The general formula for finding the PDF of a function of random variables (using the PDF method) is:
Y_PDF(y) = X_PDF(f^-1(y)) / |f'(f^-1(y))| for some Y = f(X) of a random variable X with known density X_PDF(x)
right?

Generalizing this, for transformations where the number of source RV's/dimensions equals the number of destination RV's/dimensions,
|f'(f^-1(y))| turns into the absolute value of the Jacobian, right?

But for cases where the dimensions are not equal I need these convolution (and similar) formulas? I'm hoping to tie this together with the PDF method formula in some way.

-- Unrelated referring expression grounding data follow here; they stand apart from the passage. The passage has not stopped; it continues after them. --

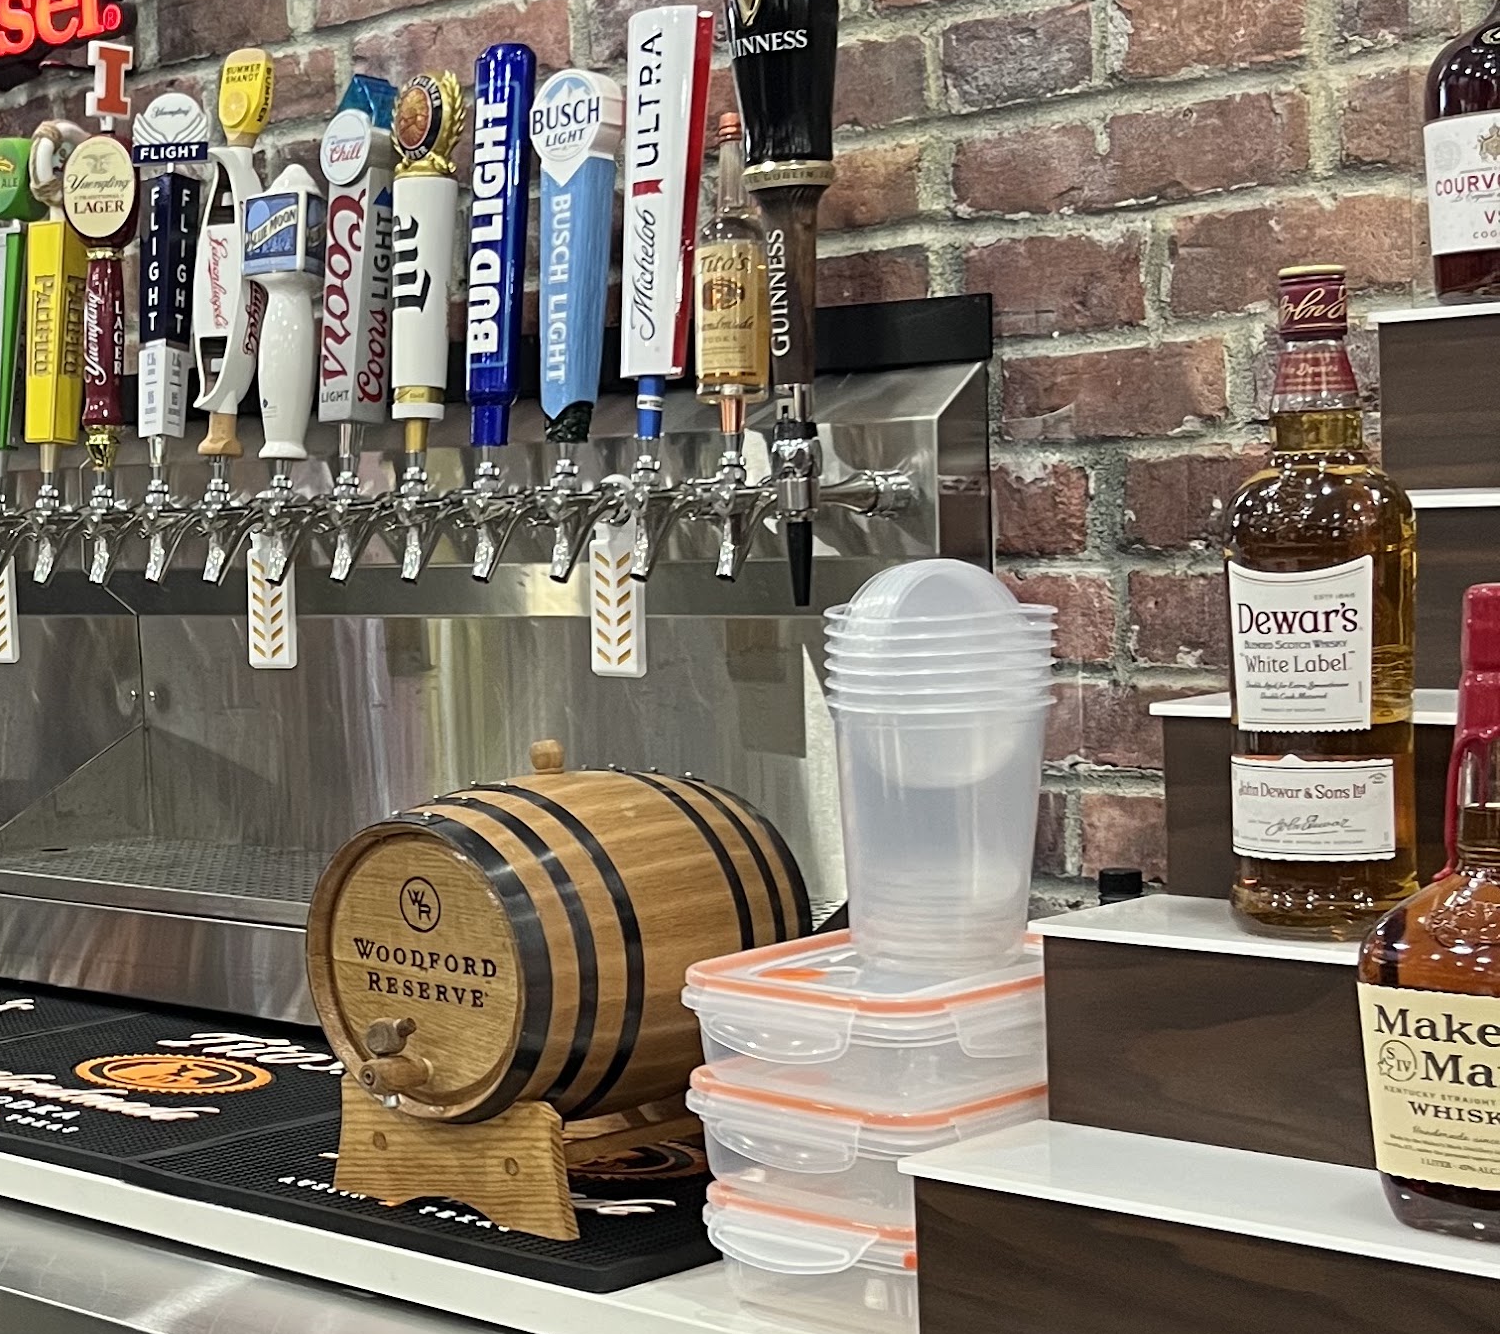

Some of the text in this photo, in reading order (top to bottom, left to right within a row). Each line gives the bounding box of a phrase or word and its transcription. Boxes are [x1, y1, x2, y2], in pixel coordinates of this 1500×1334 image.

[729, 28, 809, 59] UINNESS
[533, 97, 601, 136] BUSCH
[636, 28, 664, 169] ULTRA
[139, 144, 200, 161] FLIGHT
[545, 128, 585, 148] LIGHT
[66, 174, 131, 196] Yuengling
[73, 199, 126, 215] LAGER
[467, 97, 509, 355] BUD LIGHT
[147, 186, 161, 333] FLIGHT
[173, 187, 192, 335] FLIGHT
[321, 188, 367, 386] Coors
[545, 193, 572, 385] BUSCH LIGHT
[630, 209, 657, 341] Michelob
[358, 211, 395, 405] Coors LIGHT
[767, 229, 790, 357] GUINNESS
[83, 289, 107, 386] Yuengling
[112, 299, 126, 376] LAGER
[321, 389, 349, 404] LIGHT
[1238, 602, 1358, 635] Dewar's
[1260, 782, 1302, 798] Dewar
[1304, 787, 1313, 799] &
[1314, 783, 1350, 799] Sons
[353, 938, 498, 979] WOODFORD
[367, 971, 488, 1008] RESERVE

Is "|x|" the absolute value of the transformation function derivative (sometimes the Jacobian)?

Last edited: Jul 11, 2016
6. Jul 11, 2016

### chiro

I'd have to look at the formula but the inverse function should become the Jacobian in a multiple dimension substitution integral (the derivative term that is involved).

7. Jul 11, 2016

### rabbed

8. Jul 12, 2016

### chiro

You should probably take a look at something like below and verify it in depth for yourself:

https://www.cl.cam.ac.uk/teaching/0708/Probabilty/prob11.pdf

They have a section explaining why the absolute value exists.

That would have to be generalized for your Jacobian so that the result can be made sense of but essentially the Jacobian represents the expansion/contraction with respect to the gradient vector and the "idea" itself is the same.

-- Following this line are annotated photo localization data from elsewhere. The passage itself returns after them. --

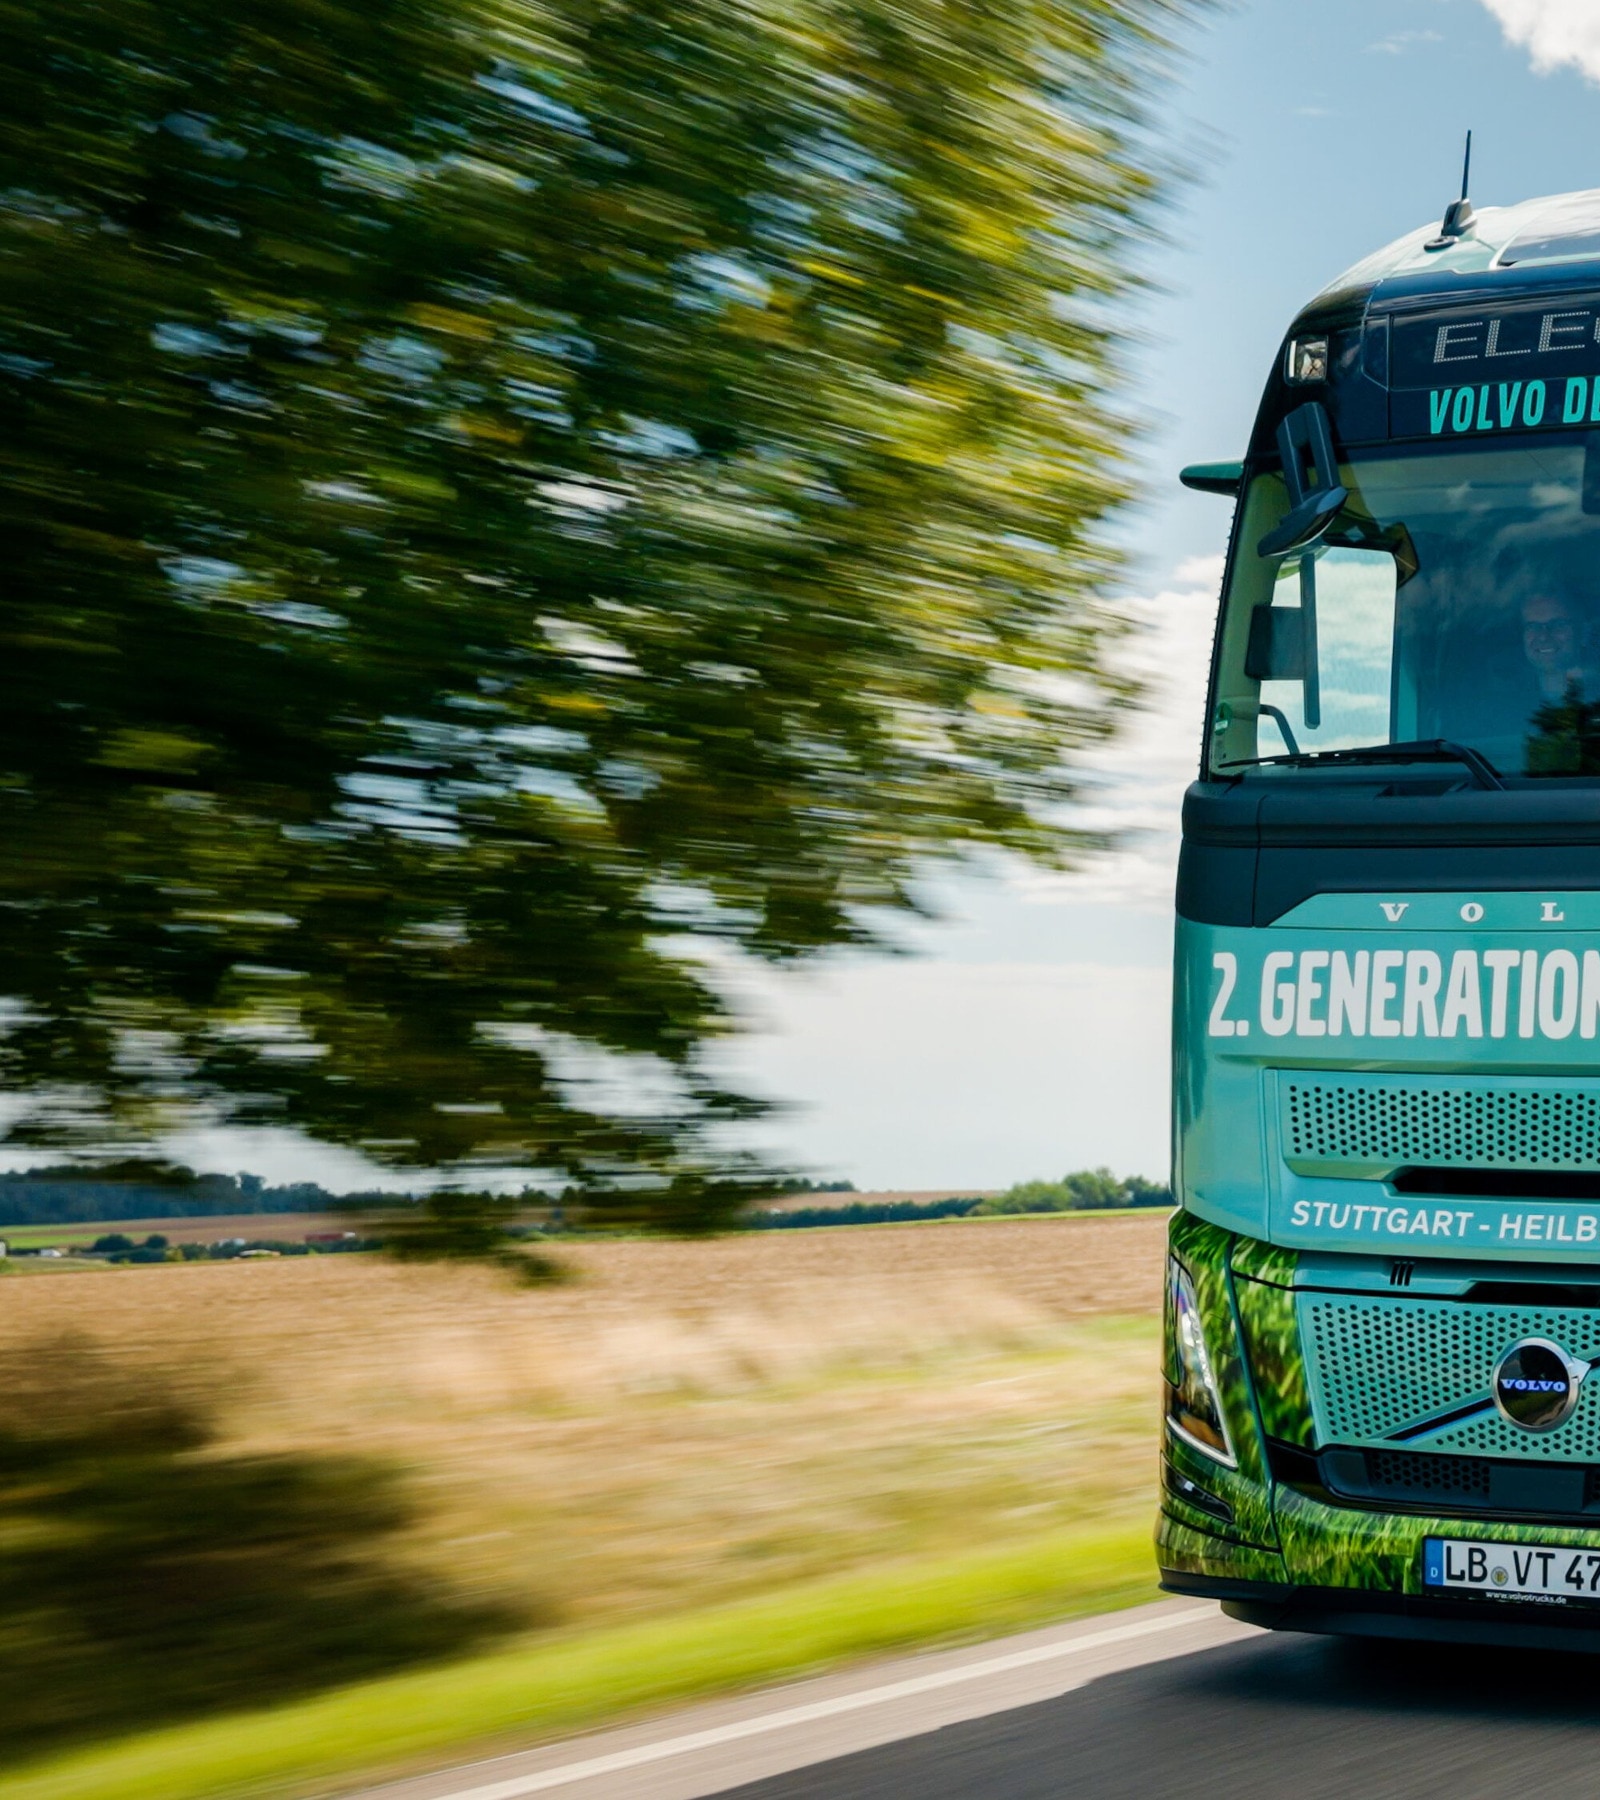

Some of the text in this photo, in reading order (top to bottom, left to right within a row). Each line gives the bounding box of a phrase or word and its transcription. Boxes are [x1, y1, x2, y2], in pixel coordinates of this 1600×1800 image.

[1429, 376, 1546, 435] VOLVO
[1208, 951, 1248, 1037] 2.
[1290, 1200, 1472, 1237] STUTTGART
[1500, 1378, 1567, 1392] VOLVO
[1445, 1545, 1489, 1583] LB
[1513, 1550, 1556, 1588] VT
[1485, 1591, 1567, 1605] www.volvotrucks.de

I recall seeing some proof in a standard undergraduate statistics book when I did this stuff ages ago so you could use those resources as well.

9. Aug 27, 2016

### rabbed

Hi again, a bit late :)

I failed to see how any of the constraints on page 11.3 in the linked document above has the consequence of requiring an absolute value.

But, it should boil down to the chain rule.. Could you say something like this?

Normally when derivating f(x) wrt y where x = g(y), we use:
df/dx * dx/dy = (df/dx) / (dy/dx)
because we allow dy/dx to be negative, since each value of the derivative should contain
(the change in f wrt x) / (the change in y wrt x).
This way, we create something that can decrease the sum when integrating it.

But when calculating the PDF of Y (where f(x) is the CDF of X and g(y) is a one-to-one inverse
transformation giving x), we use:
df/dx * |dx/dy| = (df/dx) / |dy/dx|
because we want to deny dy/dx to be negative, since each value of a PDF should contain
(the probability (not change in probability) of y) / (_outcome length_ of y).
This way, we create something that can never decrease the sum when integrating it.

Does it make sense? Any comments?

10. Aug 28, 2016

### rabbed

I think my point is, a PDF is not defined as the derivative of probability as a function of outcome, but rather probability per outcome, and its integral (the CDF) become the sum of probabilities.
So derivation and integration of a simple variable will still work as usual, but derivating the CDF of a variable that is a function of some other variable is different, and that's where the absolute value comes from?